(The records)
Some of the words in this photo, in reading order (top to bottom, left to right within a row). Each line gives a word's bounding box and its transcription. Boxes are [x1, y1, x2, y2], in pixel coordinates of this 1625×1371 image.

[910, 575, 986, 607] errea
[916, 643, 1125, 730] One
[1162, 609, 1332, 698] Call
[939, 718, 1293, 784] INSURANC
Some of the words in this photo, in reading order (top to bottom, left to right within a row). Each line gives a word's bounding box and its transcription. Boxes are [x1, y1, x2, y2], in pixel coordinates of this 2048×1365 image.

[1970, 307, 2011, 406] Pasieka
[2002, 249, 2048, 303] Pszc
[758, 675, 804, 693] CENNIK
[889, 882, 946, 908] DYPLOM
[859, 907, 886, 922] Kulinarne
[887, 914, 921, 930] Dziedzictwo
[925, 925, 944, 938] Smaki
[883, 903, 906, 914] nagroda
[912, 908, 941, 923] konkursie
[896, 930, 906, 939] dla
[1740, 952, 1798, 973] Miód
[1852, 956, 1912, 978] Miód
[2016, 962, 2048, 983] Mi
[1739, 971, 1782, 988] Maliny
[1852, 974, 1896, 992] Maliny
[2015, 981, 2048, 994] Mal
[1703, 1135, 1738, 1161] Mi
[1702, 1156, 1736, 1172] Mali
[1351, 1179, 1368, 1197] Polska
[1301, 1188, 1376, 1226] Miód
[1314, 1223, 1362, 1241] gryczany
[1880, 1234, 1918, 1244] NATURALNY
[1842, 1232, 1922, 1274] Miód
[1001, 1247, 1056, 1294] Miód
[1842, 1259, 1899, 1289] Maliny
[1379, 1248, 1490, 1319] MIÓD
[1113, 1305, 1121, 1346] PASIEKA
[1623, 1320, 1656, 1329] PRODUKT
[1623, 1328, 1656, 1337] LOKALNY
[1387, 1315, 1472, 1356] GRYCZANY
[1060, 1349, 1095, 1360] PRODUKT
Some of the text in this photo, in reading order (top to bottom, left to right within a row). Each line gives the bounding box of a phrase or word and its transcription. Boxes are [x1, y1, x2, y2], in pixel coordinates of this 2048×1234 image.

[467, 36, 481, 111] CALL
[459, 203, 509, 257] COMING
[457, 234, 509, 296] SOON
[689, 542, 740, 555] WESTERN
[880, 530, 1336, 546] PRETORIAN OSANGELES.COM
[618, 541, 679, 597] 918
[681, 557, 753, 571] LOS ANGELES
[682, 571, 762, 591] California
(End The records)
Task statement: Print each entry exactly as it appears above.

Your response:
Some of the words in this photo, in reading order (top to bottom, left to right within a row). Each line gives a word's bounding box and its transcription. Boxes are [x1, y1, x2, y2], in pixel coordinates of this 1625×1371 image.

[910, 575, 986, 607] errea
[916, 643, 1125, 730] One
[1162, 609, 1332, 698] Call
[939, 718, 1293, 784] INSURANC
Some of the words in this photo, in reading order (top to bottom, left to right within a row). Each line gives a word's bounding box and its transcription. Boxes are [x1, y1, x2, y2], in pixel coordinates of this 2048×1365 image.

[1970, 307, 2011, 406] Pasieka
[2002, 249, 2048, 303] Pszc
[758, 675, 804, 693] CENNIK
[889, 882, 946, 908] DYPLOM
[859, 907, 886, 922] Kulinarne
[887, 914, 921, 930] Dziedzictwo
[925, 925, 944, 938] Smaki
[883, 903, 906, 914] nagroda
[912, 908, 941, 923] konkursie
[896, 930, 906, 939] dla
[1740, 952, 1798, 973] Miód
[1852, 956, 1912, 978] Miód
[2016, 962, 2048, 983] Mi
[1739, 971, 1782, 988] Maliny
[1852, 974, 1896, 992] Maliny
[2015, 981, 2048, 994] Mal
[1703, 1135, 1738, 1161] Mi
[1702, 1156, 1736, 1172] Mali
[1351, 1179, 1368, 1197] Polska
[1301, 1188, 1376, 1226] Miód
[1314, 1223, 1362, 1241] gryczany
[1880, 1234, 1918, 1244] NATURALNY
[1842, 1232, 1922, 1274] Miód
[1001, 1247, 1056, 1294] Miód
[1842, 1259, 1899, 1289] Maliny
[1379, 1248, 1490, 1319] MIÓD
[1113, 1305, 1121, 1346] PASIEKA
[1623, 1320, 1656, 1329] PRODUKT
[1623, 1328, 1656, 1337] LOKALNY
[1387, 1315, 1472, 1356] GRYCZANY
[1060, 1349, 1095, 1360] PRODUKT
Some of the text in this photo, in reading order (top to bottom, left to right within a row). Each line gives the bounding box of a phrase or word and its transcription. Boxes are [x1, y1, x2, y2], in pixel coordinates of this 2048×1234 image.

[467, 36, 481, 111] CALL
[459, 203, 509, 257] COMING
[457, 234, 509, 296] SOON
[689, 542, 740, 555] WESTERN
[880, 530, 1336, 546] PRETORIAN OSANGELES.COM
[618, 541, 679, 597] 918
[681, 557, 753, 571] LOS ANGELES
[682, 571, 762, 591] California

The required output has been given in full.